Furthermore, the effectiveness of emergency response depends on the quick provision of detailed, precise, and up-to-date information. Not only the natural environment has to be monitored, but also the state of traffic, hospitals, civil infrastructures such as electricity, water supplies, the location, status, and number of injured people must be provided on time. To that end, the availability of information infrastructure may decrease in the case of a disaster. Also, legal issues are complicating or even blocking the access to information. Then, the state of relevant objects is changing extremely quickly. For instance, hospitals might close down operations abruptly due to electricity shortcuts, while emergency medical-care points start operations at unpredictable points in time once the set-up is completed. This motivates the need for simulating both the natural phenomena and the reactions of people or organizations. Ultimately, the prediction of possible scenarios and searching for secure, reliable information channels becomes possible.

The main aim of my research is to develop a unified framework in the form of a simulation-based Environmental DisastEr predictioN system (i.e., sim-EDEN). It should comprise many different perspectives as given below.

An interdisciplinary approach including software, control engineering, environmental, and social science can contribute to the environmental resources management, environmental disaster prediction, and their analysis. The natural resources (e.g., water, air, and earth systems) can be regarded as networks consisting of their different representations. These elements create phenomena that must be described, analyzed, and managed by mathematical and physical models using different computation techniques.

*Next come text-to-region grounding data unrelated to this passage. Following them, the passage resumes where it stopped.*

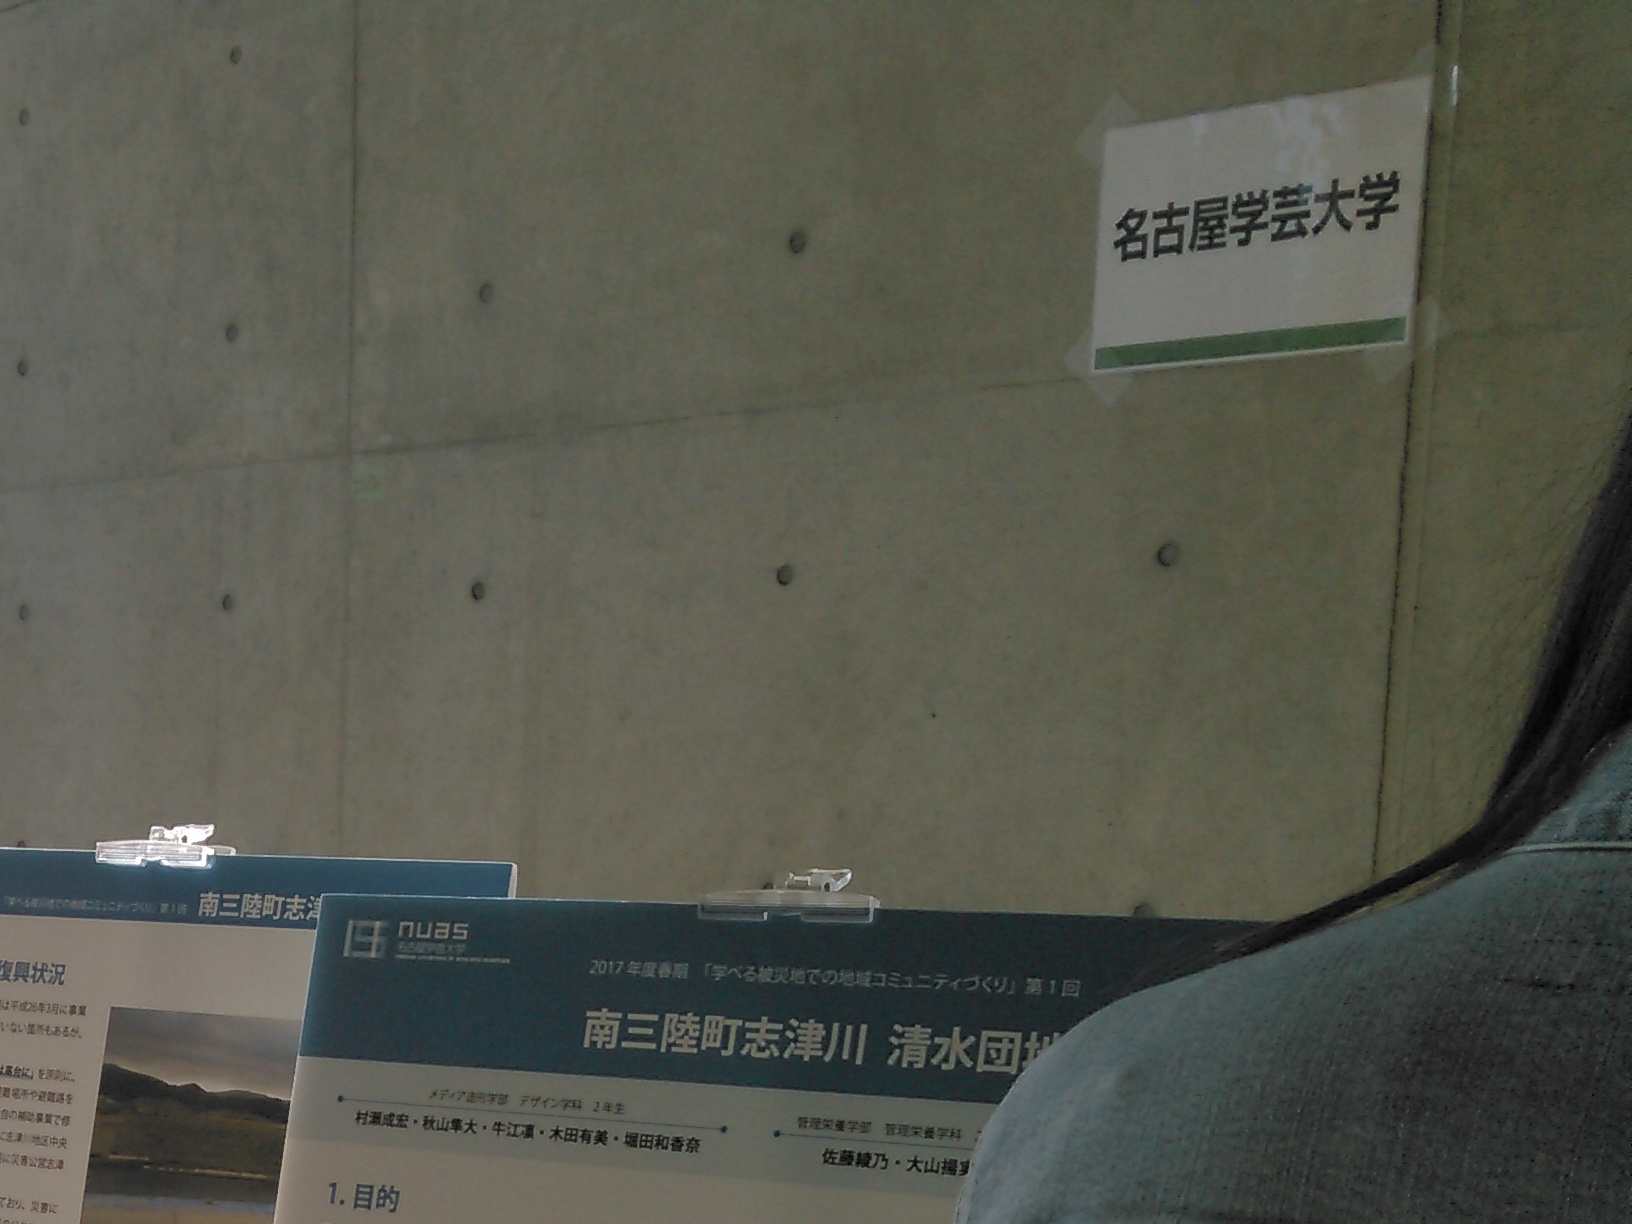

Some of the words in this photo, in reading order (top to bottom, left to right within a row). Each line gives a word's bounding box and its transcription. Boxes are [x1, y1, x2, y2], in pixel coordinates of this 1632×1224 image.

[1113, 171, 1401, 262] 名古屋学芸大学
[398, 921, 469, 940] nuas
[584, 1008, 868, 1066] 南三陸町志津川
[798, 1117, 872, 1135] 管理栄養学部
[885, 1123, 962, 1142] 管理栄養学科
[328, 1181, 345, 1206] 1.
[353, 1183, 401, 1213] 目的

The target is to develop a set of methods dealing with physical phenomena that are described by mathematical and physical models and are evaluated using different computation techniques. Then, the heterogeneous nature of the models should be analyzed and evaluated using a common framework.

This would be an interdisciplinary contribution to a number of communities (e.g., related to Geographic Information Systems (GIS)), where the analysis of different behavioral models stimulated with heterogeneous data plays a significant role.